My last Middle East stint was at the U.S. Embassy in Baghdad, just before the 2016 election. Shrewder to the futility of our foreign policy, I was still oblivious to political shifts at home. Selected for a special program in the Navy, I was indifferent to upheavals in our government and focused instead on the immediacy of my job on the ground. One moment I will never forget is when the U.S. Ambassador to Iraq made an aside to the table with all the important people representing all the important American interests: “they know Iraq is a failed state, right?” My respect for the man that would say that in country amid the diplomatic charade is immense.
My focus in Baghdad instead shrank to training and preparing myself physically for that special program. I remember the shortness of the walls of the Embassy in Baghdad, doing my loops around the perimeter with a rucksack on. I was more familiar with that small prison style PT yard than with world events. I was honed into the best shape of my life by a few grizzled and scarred security team members, and I wonder if they are still playing the rotation game, putting their lives at risk for this newest dust up. May they be finished with that life and home, healing.
My Middle East friends are long out of the military. I don’t know anyone in Iraq, on the streets of Bahrain, or flying out of the ‘Deid. I don’t have a personal connection to a warm, human soul currently in the line of fire (save my husband of course). Yet they’re all vivid - contractors wearing their 5.11 pants, the Syrian cook that made me the best eggs, the thousands of third country nationals grinding for their families like migrants do here. The 19-year-olds whose daily lives were full of flying and crew rest, laughing their way to the BRA are now looking at the bunkers along the way differently. Their “”bunker baby” jokes replaced by real threats. Overwatch flights in the Gulf, once serious but routine, feel heavier. Bahrain’s bars are off limits as Iran’s shadow looms. Even Baghdad’s absurd Embassy grassy lawn must be wilting under neglect.

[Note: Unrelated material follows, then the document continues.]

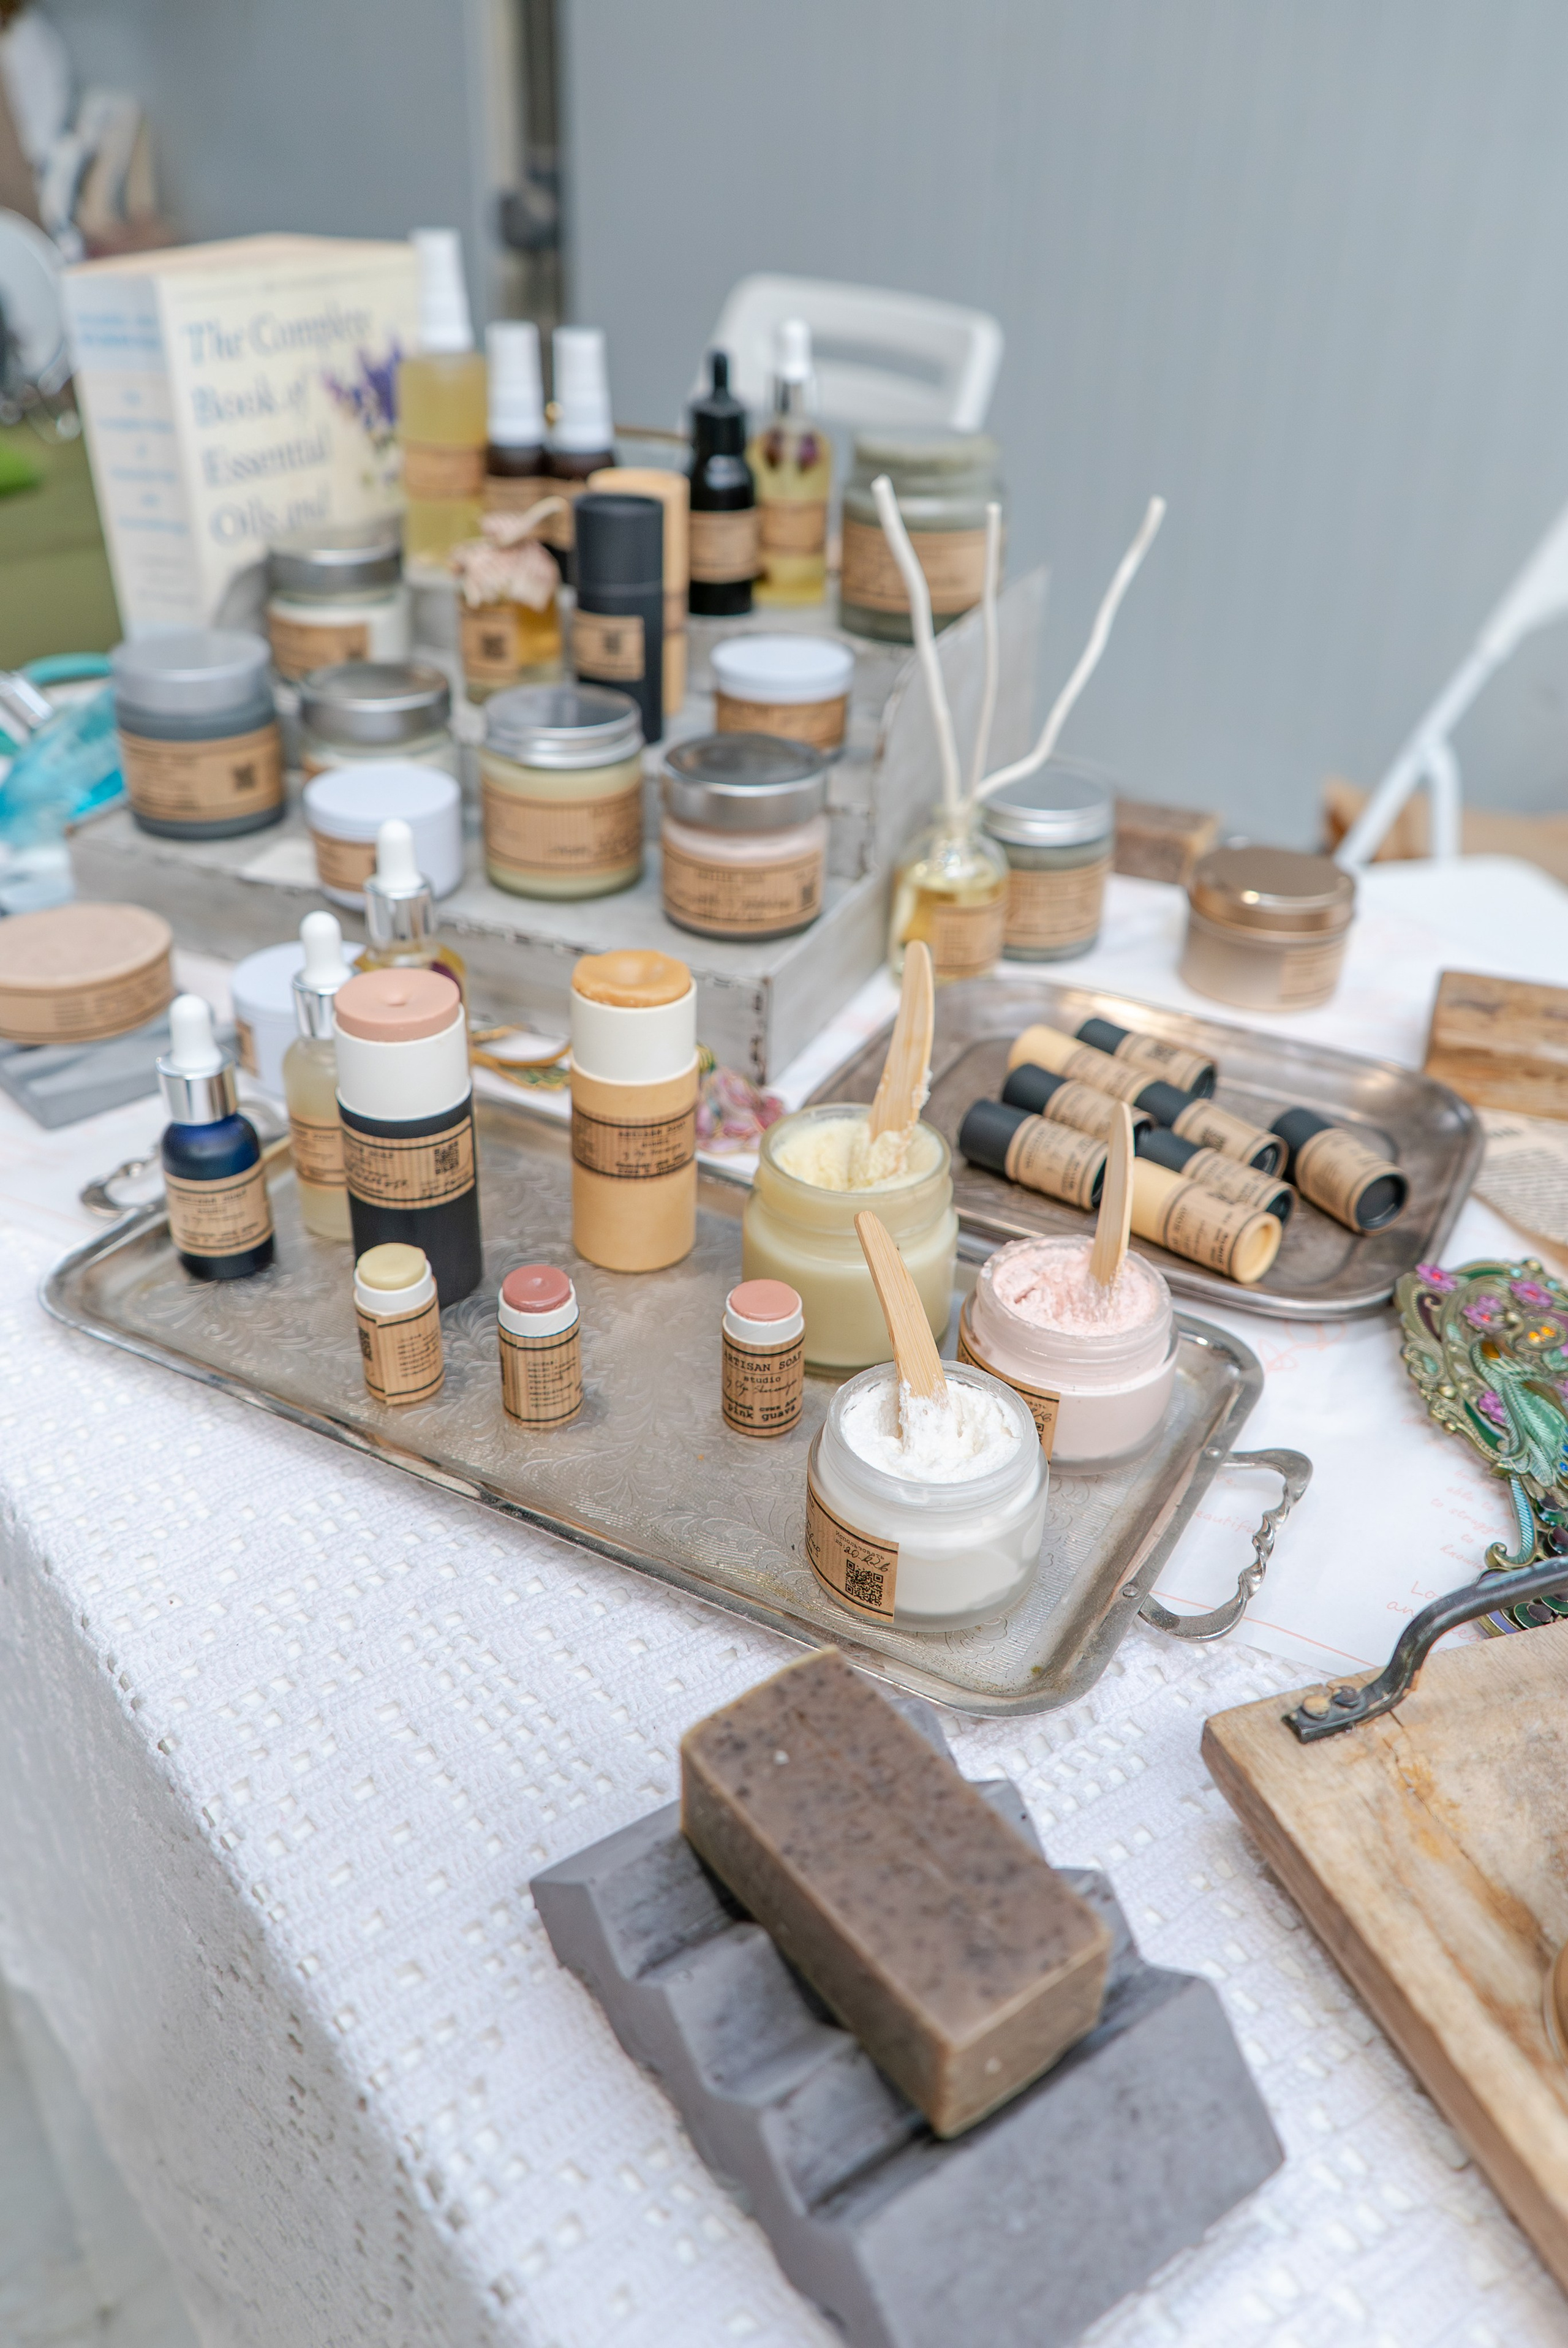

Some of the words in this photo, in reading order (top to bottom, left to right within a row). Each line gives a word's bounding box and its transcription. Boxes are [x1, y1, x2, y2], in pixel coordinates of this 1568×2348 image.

[727, 1403, 754, 1419] pink
[761, 1405, 796, 1421] guava
[835, 1530, 885, 1561] Использовать

Even if most personnel have been evacuated in the midst of the threat from Iran, we all know American kids are still out there. They’re playing video games, waking up for watch, making jokes with their friends, going to places of duty. Everything shrinks to the necessary. Maybe we didn’t all sign up for the current foreign policy, but we all did sign up to serve, so that’s what we do. I said my prayers, and then I made plans. My son has a good support system, which is more than many service members. If have to go, I’ll go.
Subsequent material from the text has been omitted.